What's actually happening to your sleep at 70
I want to start with a piece of news that landed for me like permission. The sleep you had at thirty-five is gone, and it is not coming back, and that is not a problem to solve.
Here is what the sleep research actually shows. As we move past sixty, the architecture of sleep changes in measurable ways. Deep slow-wave sleep — the heaviest, most restorative stage — declines significantly. We get less of it, full stop. REM sleep stays roughly stable. We wake more often during the night, sometimes four or five times, often briefly enough that we don't fully remember in the morning. And our internal clock advances — we get sleepy earlier in the evening and wake earlier in the morning, sometimes by an hour or two compared to our forties.
None of this is failure. It is biology. The American Academy of Sleep Medicine has been clear about this for years: a healthy seventy-five-year-old who sleeps six and a half hours with a couple of brief wake-ups and feels reasonably alert in the afternoon is not sick. She is sleeping like a healthy seventy-five-year-old.

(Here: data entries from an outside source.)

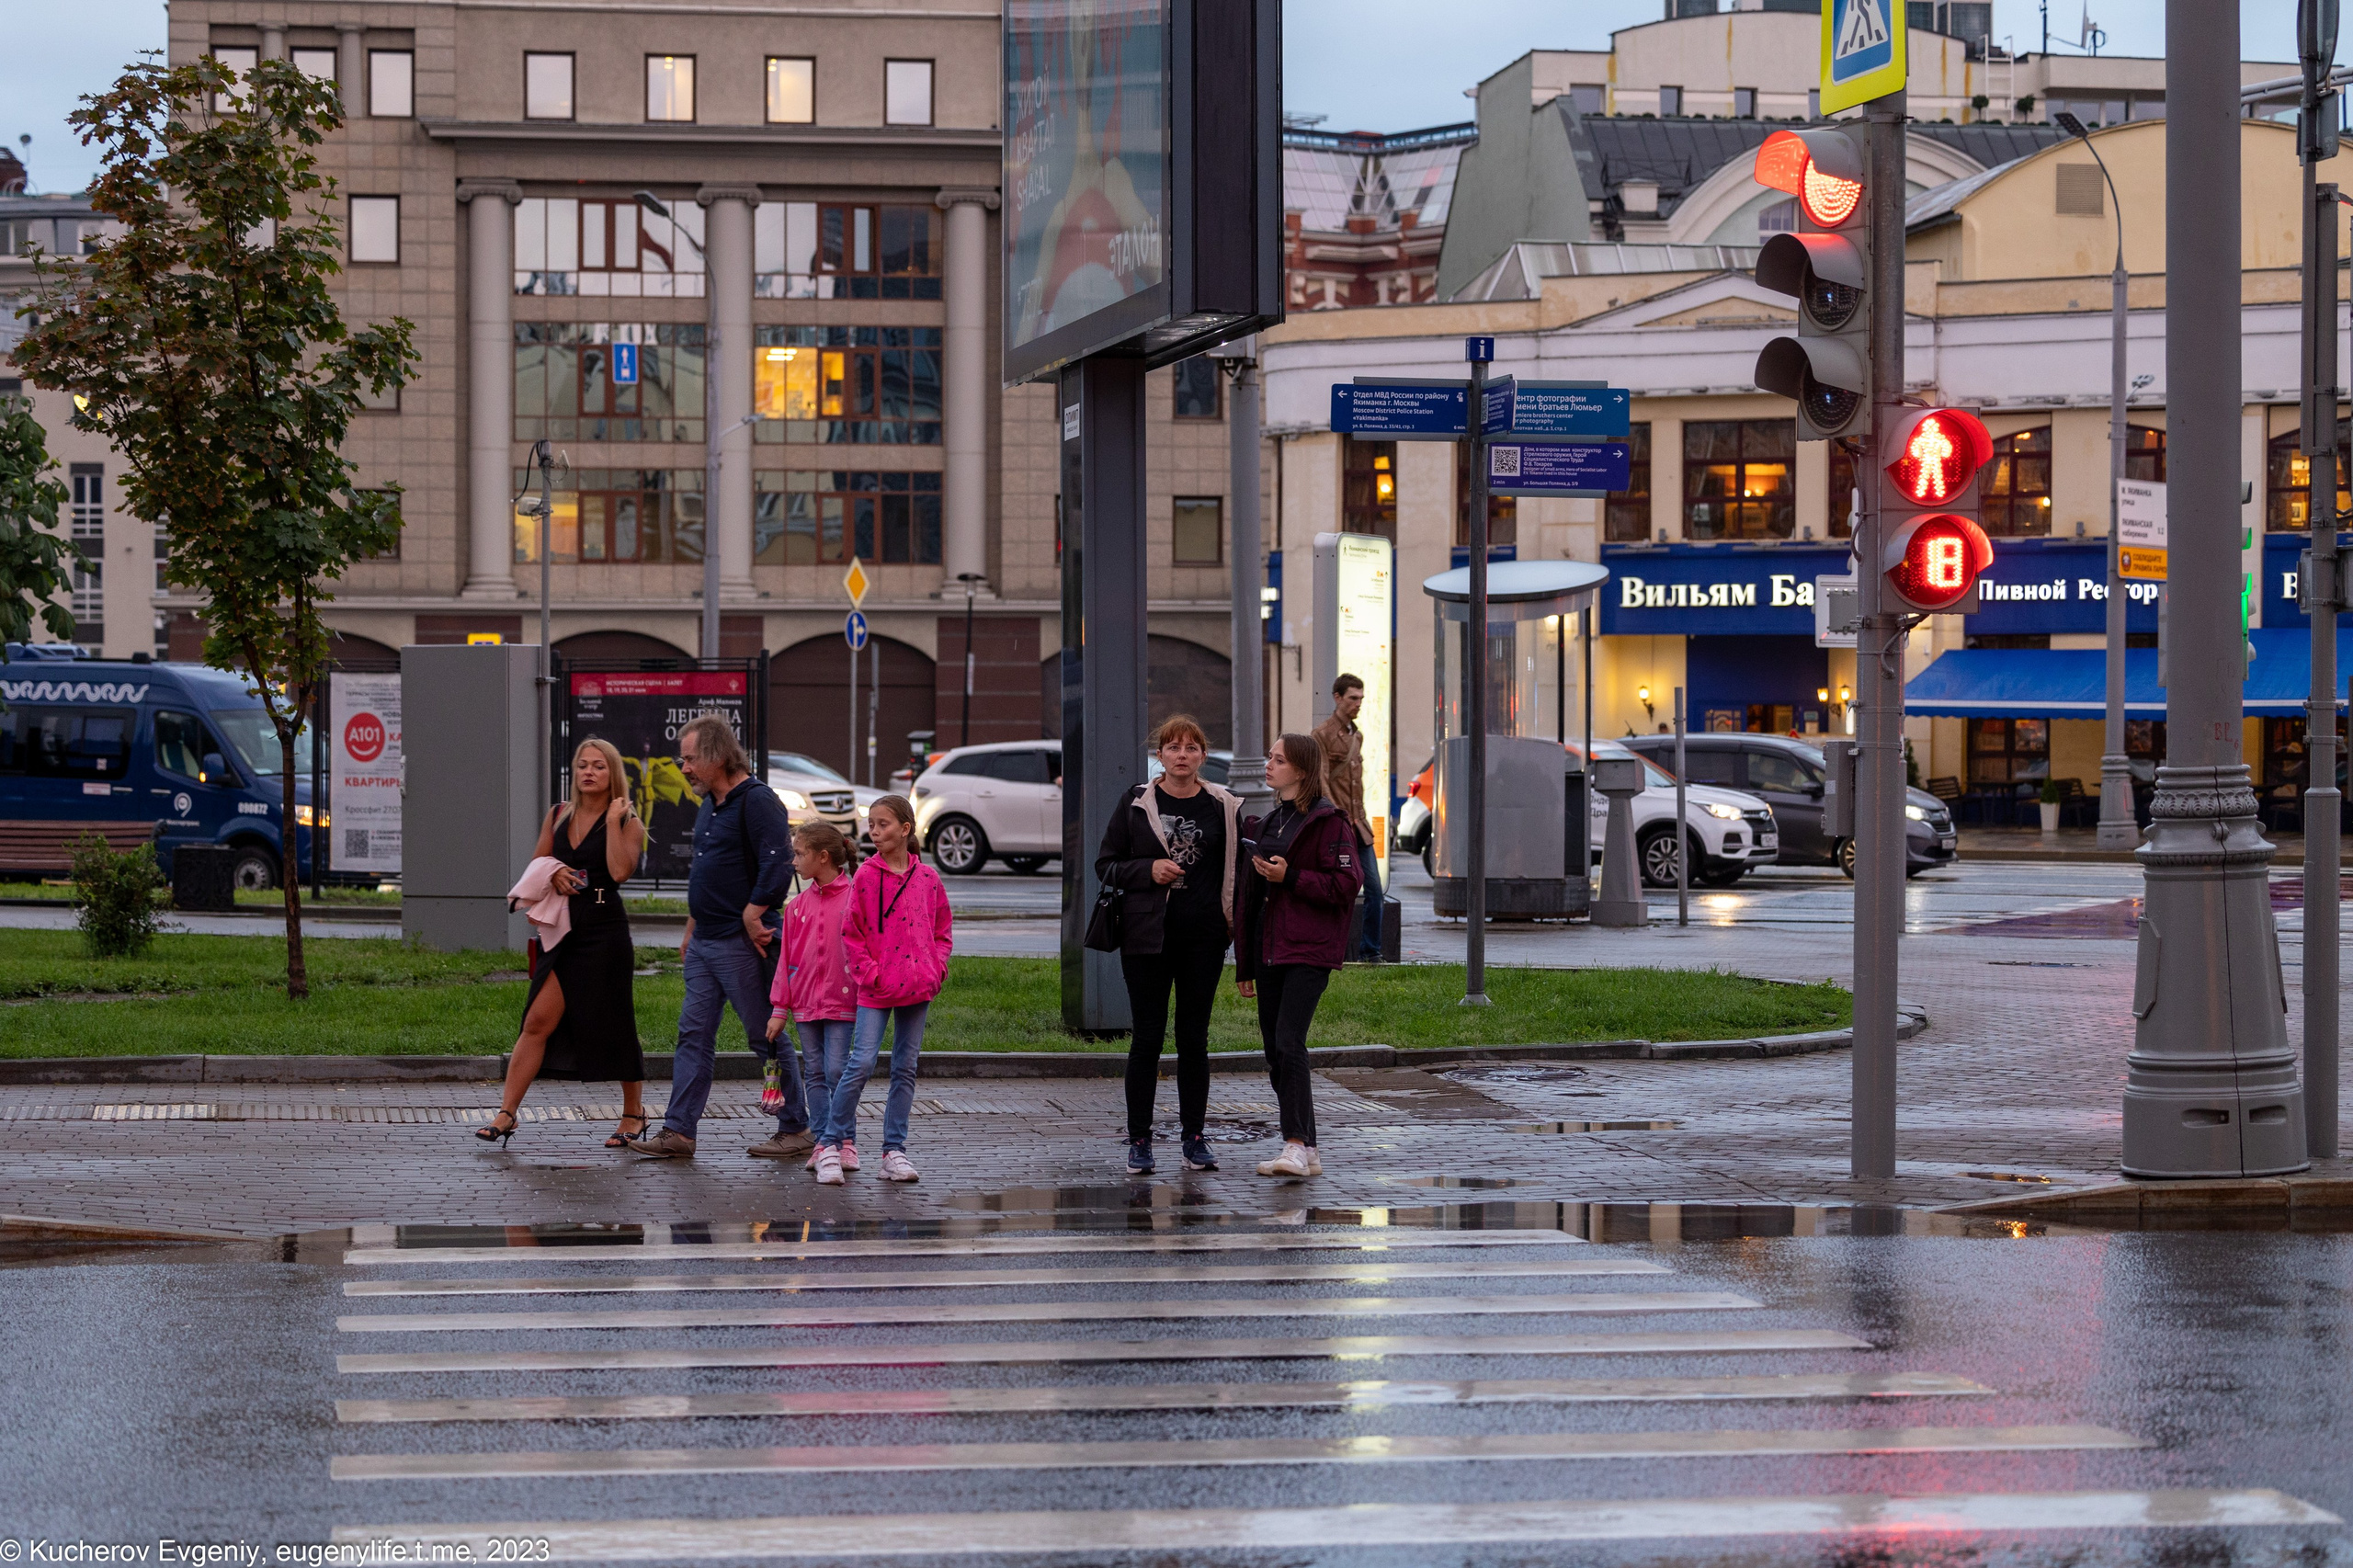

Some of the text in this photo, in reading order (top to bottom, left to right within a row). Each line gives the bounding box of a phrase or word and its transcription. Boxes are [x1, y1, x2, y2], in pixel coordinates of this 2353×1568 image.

[1017, 112, 1055, 168] КВАРТАЛ
[1017, 163, 1051, 212] SHAGAL
[1353, 391, 1373, 399] Отдел
[1537, 394, 1586, 403] фотографии
[1538, 403, 1569, 412] братьев
[1570, 404, 1603, 413] Люмьер
[1620, 576, 1757, 608] Вильям
[1978, 579, 2066, 601] Пивной
[2077, 579, 2159, 605] Реор

The pathology line — the line where insomnia becomes a real medical concern — is not how many hours the alarm clock counts. It is daytime function. Are you fighting to stay awake driving to the grocery store at two in the afternoon? Are you irritable in a way that doesn't lift? Have you stopped doing the things that used to bring you joy because you're too tired? That is the conversation worth having with a clinician. The number on the clock, by itself, isn't.
The pill on the nightstand is doing something you don't want
I want to talk about Marlene's Tylenol PM, and Ambien, and Ativan, and all the cousins. I want to talk about them the way I would talk to my own brother, who is seventy-two and once asked me about Lunesta.

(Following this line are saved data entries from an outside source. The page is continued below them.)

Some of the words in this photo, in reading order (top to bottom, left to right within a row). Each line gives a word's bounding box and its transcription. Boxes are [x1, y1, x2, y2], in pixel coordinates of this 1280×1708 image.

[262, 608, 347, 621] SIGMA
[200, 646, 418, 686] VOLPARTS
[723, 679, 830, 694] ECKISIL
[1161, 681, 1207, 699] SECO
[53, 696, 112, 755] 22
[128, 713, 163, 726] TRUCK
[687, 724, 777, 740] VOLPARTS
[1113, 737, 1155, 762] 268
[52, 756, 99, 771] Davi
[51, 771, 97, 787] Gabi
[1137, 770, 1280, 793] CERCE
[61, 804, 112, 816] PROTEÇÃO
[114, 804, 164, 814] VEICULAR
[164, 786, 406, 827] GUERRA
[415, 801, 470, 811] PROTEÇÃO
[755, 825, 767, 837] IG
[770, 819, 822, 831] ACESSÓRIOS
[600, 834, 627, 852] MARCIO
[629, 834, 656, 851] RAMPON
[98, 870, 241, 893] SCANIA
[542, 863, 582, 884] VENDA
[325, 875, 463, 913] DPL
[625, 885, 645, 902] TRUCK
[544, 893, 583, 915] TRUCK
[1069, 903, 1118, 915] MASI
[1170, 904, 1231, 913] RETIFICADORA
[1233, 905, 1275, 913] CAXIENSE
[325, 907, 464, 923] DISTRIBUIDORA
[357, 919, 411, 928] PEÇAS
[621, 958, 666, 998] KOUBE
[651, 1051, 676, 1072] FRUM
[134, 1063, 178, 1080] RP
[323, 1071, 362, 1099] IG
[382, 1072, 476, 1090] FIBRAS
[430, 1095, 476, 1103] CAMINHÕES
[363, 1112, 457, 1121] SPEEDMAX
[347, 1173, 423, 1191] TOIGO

The American Geriatrics Society publishes something called the Beers Criteria — a list of medications that pose particular risks to adults over sixty-five. It is not a fringe document. Geriatricians treat it like scripture. On that list, in plain language, are the drugs most older adults are quietly taking to sleep.
Benzodiazepines — Ativan, Xanax, Restoril, Valium — increase the risk of falls, hip fractures, confusion, and cognitive impairment in older adults. The Z-drugs marketed as safer alternatives — Ambien, Lunesta, Sonata — carry similar risks at this age. And the diphenhydramine in Tylenol PM, Benadryl, and most over-the-counter sleep aids is a strong anticholinergic, which means it interferes with the same chemical pathways involved in memory and balance. Long-term anticholinergic use in older adults is associated with higher rates of cognitive decline.
I am not telling you to throw your prescription in the trash tonight. Coming off these medications without a plan can be worse than staying on them. I am telling you that if you are sixty-five or older and you are taking any of these to sleep, you deserve a conversation with your doctor that begins with, "Is this still the right thing for me, and what would coming off it look like?"
The hardest part of that conversation, for most of the people I sit with, is the fear underneath it: if I don't take this, I won't sleep at all. I have sat with that fear in my own bed. I want to tell you what worked instead.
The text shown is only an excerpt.